And it is from THAT language, keeping and tending all that God has created
the world God has blessed us with
that we get our idea of stewardship.
Stewardship: all about our relationship with God.
///
So lets talk about your relationship with God.
How’s that Going? How is God moving and acting and responding in your life?
Well, I imagine if you are like me, then the answer to that really depends
on when you catch me.
I wrote down this week some of the times I particularly sense God’s presence.
That’s a pretty amazing activity, if you’ve not done that before.
And not everyone’s list ought to be the same, to be honest.
People experience God differently, because we’re all different. And that’s ok.
Plus its hard to sense God’s presence. To be still and know that God is there.
Particularly true in the hustle and bustle of our modern day lives.
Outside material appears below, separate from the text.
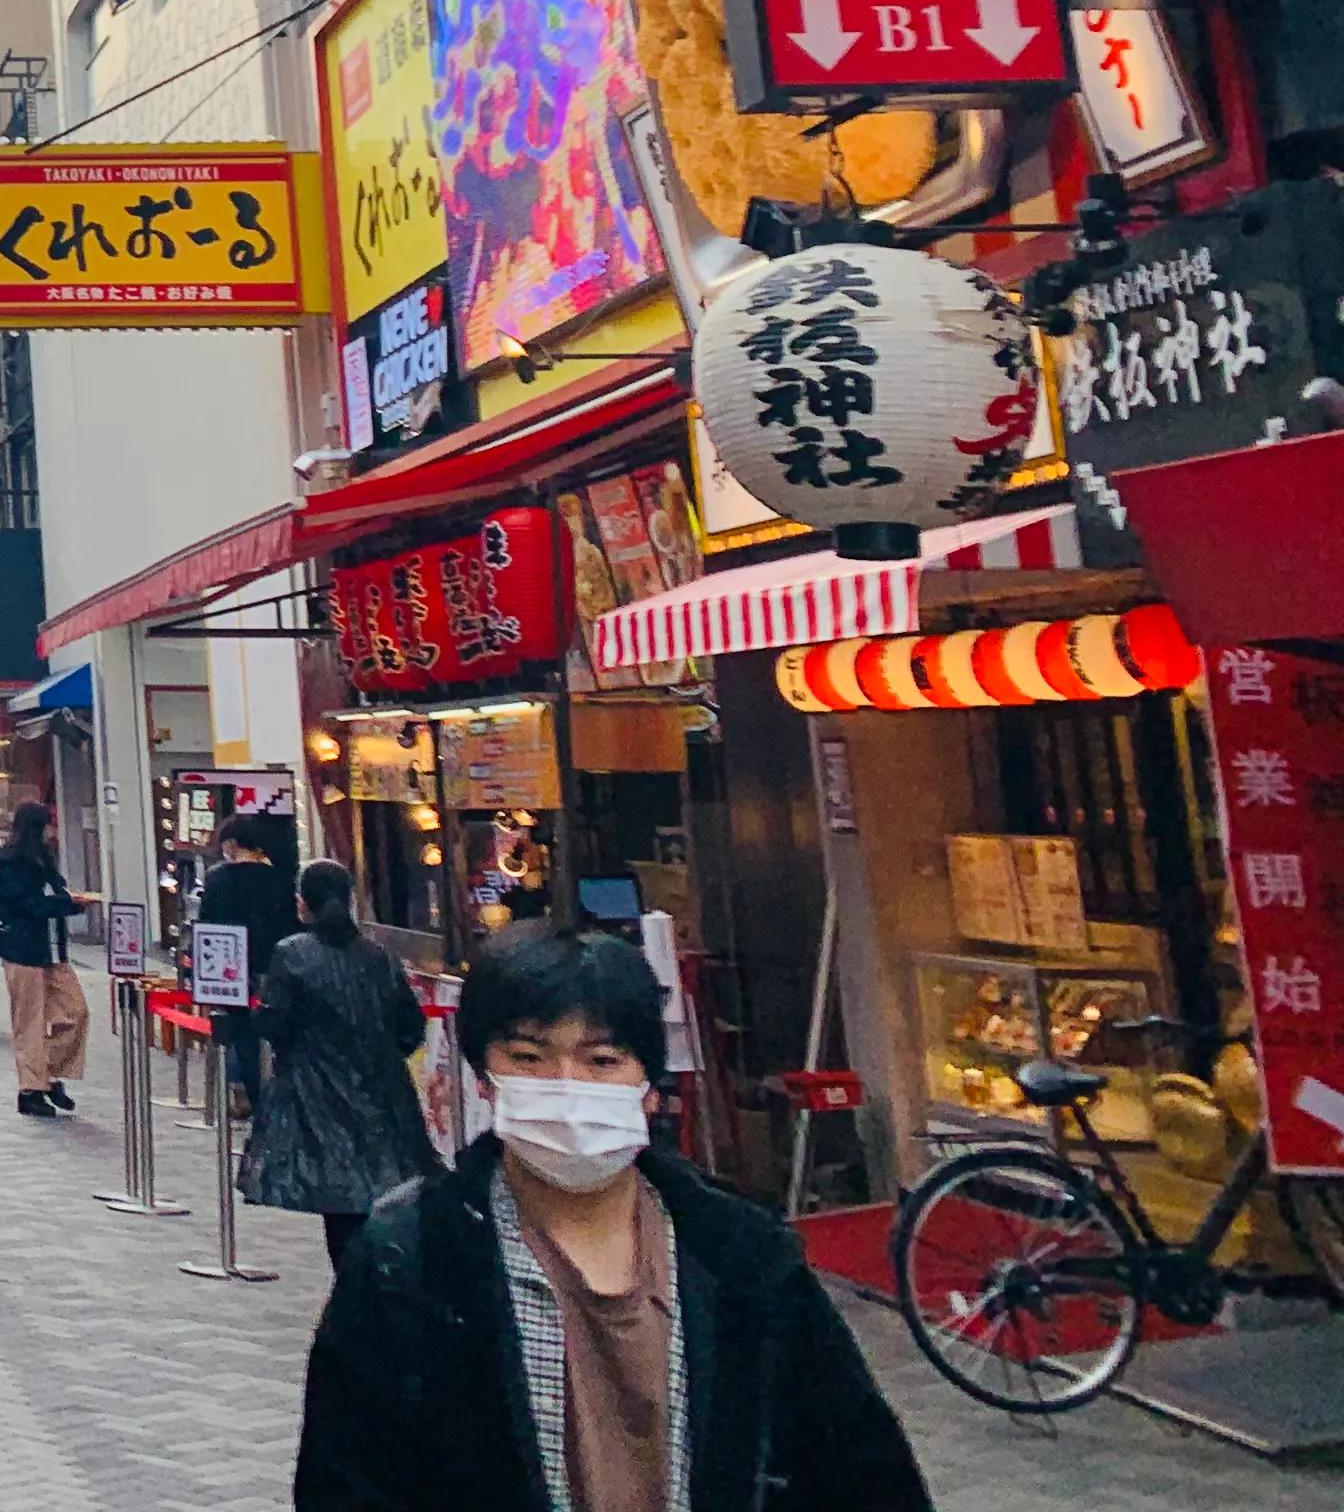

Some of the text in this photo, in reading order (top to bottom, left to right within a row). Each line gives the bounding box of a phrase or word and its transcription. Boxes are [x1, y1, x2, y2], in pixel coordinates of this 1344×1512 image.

[871, 4, 953, 53] B1
[1219, 648, 1321, 1013] 営業開始
But I spent 15 or 20 minutes or so at my list:
I had a few examples of being in the presence of absolute beauty:
–on a mesa top in Northern New Mexico, peering out over the valley below
just when a storm system rolled in, and the sun peaked through just right
–when I first saw my newborn daughters together, all swaddled up
eyes gooped, mouths open in full scream
I wrote down a few examples when I felt loved, unconditionally
by friends and my wife and teachers and
well, people who had excuse NOT to but who did anyway.
Mistakes made and forgiven. A couple of those.
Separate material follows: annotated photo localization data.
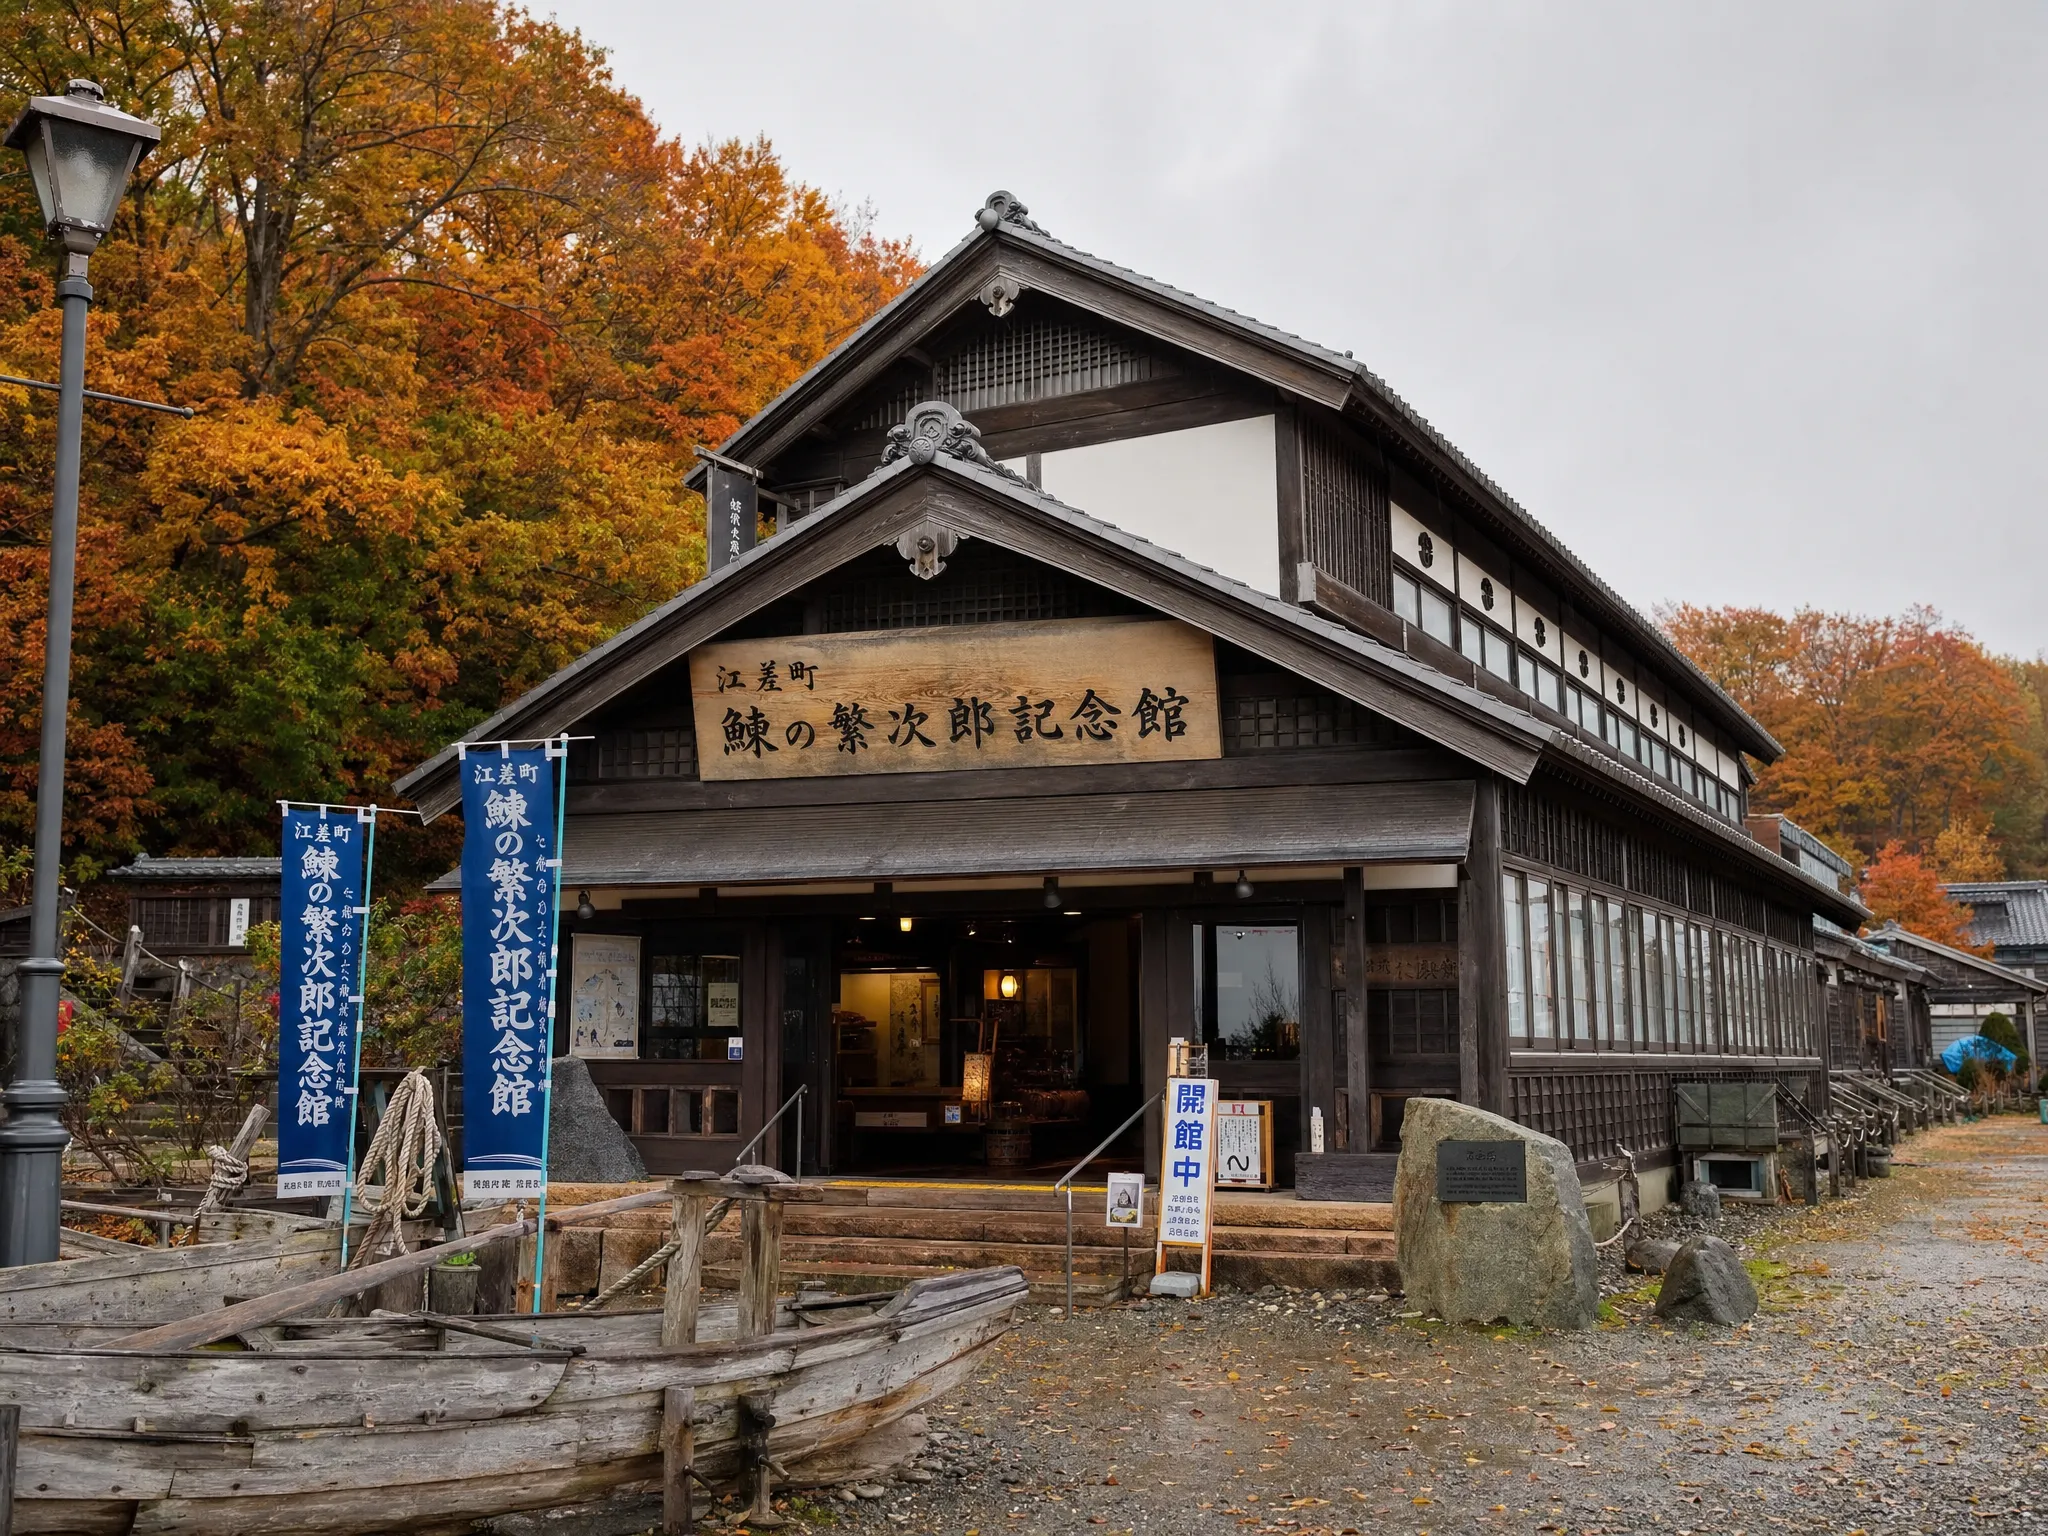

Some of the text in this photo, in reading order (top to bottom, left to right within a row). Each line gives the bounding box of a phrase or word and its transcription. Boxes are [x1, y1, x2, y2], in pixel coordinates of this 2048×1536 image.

[716, 659, 819, 693] 江差町
[721, 686, 1190, 759] 鰊の繁次郎記念館
[474, 762, 539, 785] 江差町
[294, 821, 352, 844] 江差町
[295, 845, 342, 1128] 鰊の繁次郎記念館
[483, 788, 536, 1118] 鰊の繁次郎記念館
[1173, 1084, 1206, 1187] 開館中
Or a few instances of incredible mercy, amazing justice
God amidst the people fighting for equality in the civil rights movement
or some people, nameless and faceless, because it wasn’t about THEM,
you see,
just a few humble people from First Presbyterian Church in Chicago
who made sandwiches
and handed them out every Saturday on the streets
or mission trips to Guatemala or Alabama or Colorado or Tennessee
trips where WE were supposed to mainly be doing the mission
and coming home having RECEIVED so much love and care
from those we encountered along the way.
Who was giving and who was serving, exactly?
Beautiful.
Or I can tell you how, this past week,
I was in a meeting where serious things were being talked about
and I didn’t always agree with where things were going,
but these words from Paul came to mind
and I gave a silent word of thanks for the gifts of God
sitting around this table or on this phone call
trying to find a solution to whatever it was we were discussing.
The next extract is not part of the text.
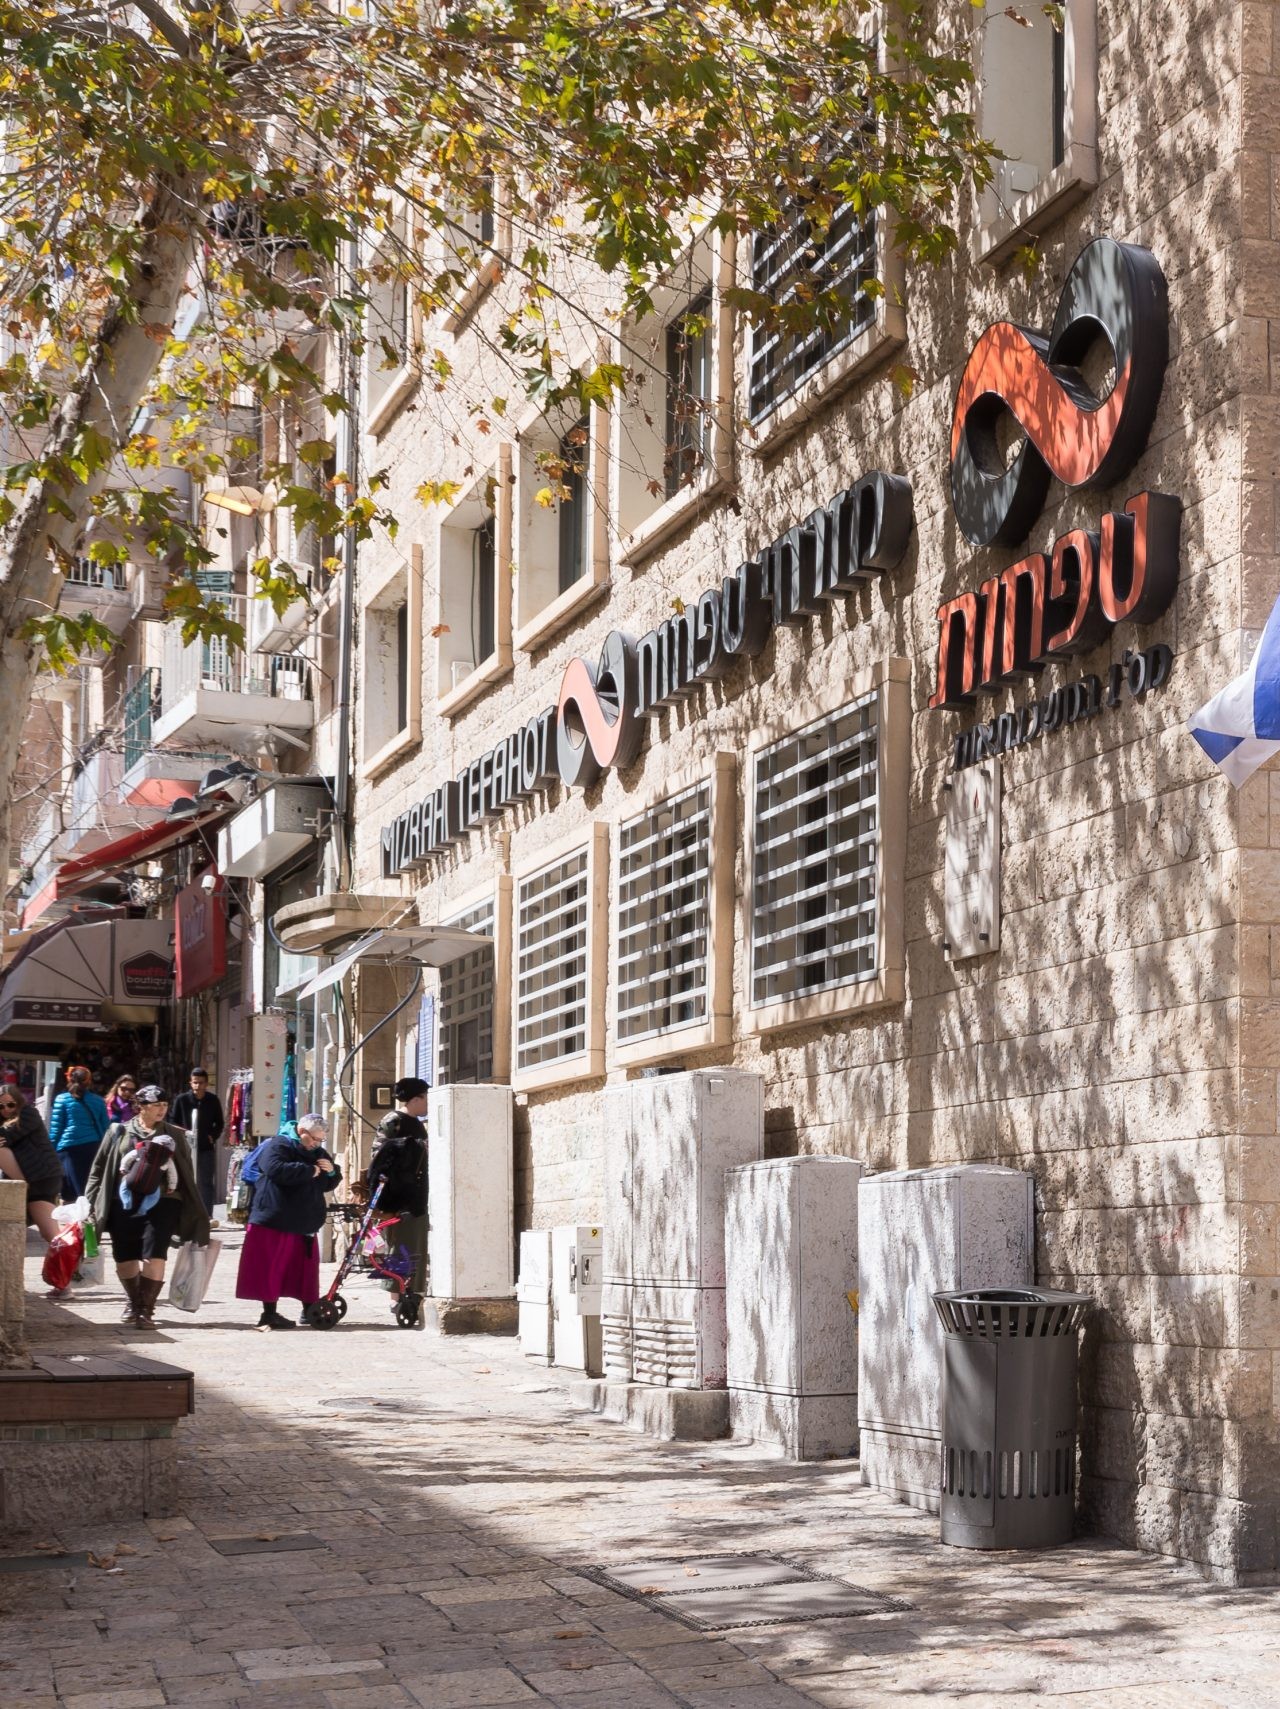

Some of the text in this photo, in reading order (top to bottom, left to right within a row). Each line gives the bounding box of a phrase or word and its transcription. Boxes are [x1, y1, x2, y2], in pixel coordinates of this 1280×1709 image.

[634, 470, 892, 718] מזרחי טפחות
[929, 489, 1152, 710] טפחות
[380, 704, 556, 880] MIZRAHI TEFAHOT
A quick mindfulness that they, too, were created in the image of God,
they, too, have gifts and skills and goodness in them
and right THERE, God was with me.
Sometimes, if you ask me, I can tell you these things about my own
relationship with God.
And there are sometimes, if I’m honest
that I am so stressed or frazzled or tired or disconnected
that its hard for me to answer quickly where God has been lately.
Or I feel alone. Or the actions of others who claim the name of Christ
are so hurtful, so painful
that I tune out, and don’t see God hurting there too.
Sometimes, if I’m honest, I can’t answer so readily.
That’s not to say God hasn’t been there.
Just that sometimes I don’t see it.
Stewardship is all about our relationship with God,
the God who created you and loves you, and me, whether we see it or not
whether we acknowledge it or not.
Discerning God in our lives is sometimes easy, and sometimes hard.
One of the things we believe is that we do that work better together
with a regular opportunity to hear Scripture and meditate about God
through sermon and song and prayer and silence
with friendships and people who can help us feel God alive in our midst.
It is also a year round activity. It is why the church is the church,
why we come together in the first place:
to hear God’s story and to find our place in it
to remind ourselves and to remind others that God is love
and that Love wins
Stewardship, when we think about it properly
is about discipleship, its about faith, and its about belonging
belonging first to the God who made and loves you
crazy, wildly loves you,
but, also, about belonging, for a time,
to a particular community of people
who can help you feel God
and enable you to go with God in the world.
This people, the Kirk.
///
So at pledge dedication Sunday here at the Kirk
we are pondering out loud:
What gifts have God given you?
What are the relationships, the skills,
the resources, the passions, the hopes
that God has given you?
Where do you feel God alive in the world?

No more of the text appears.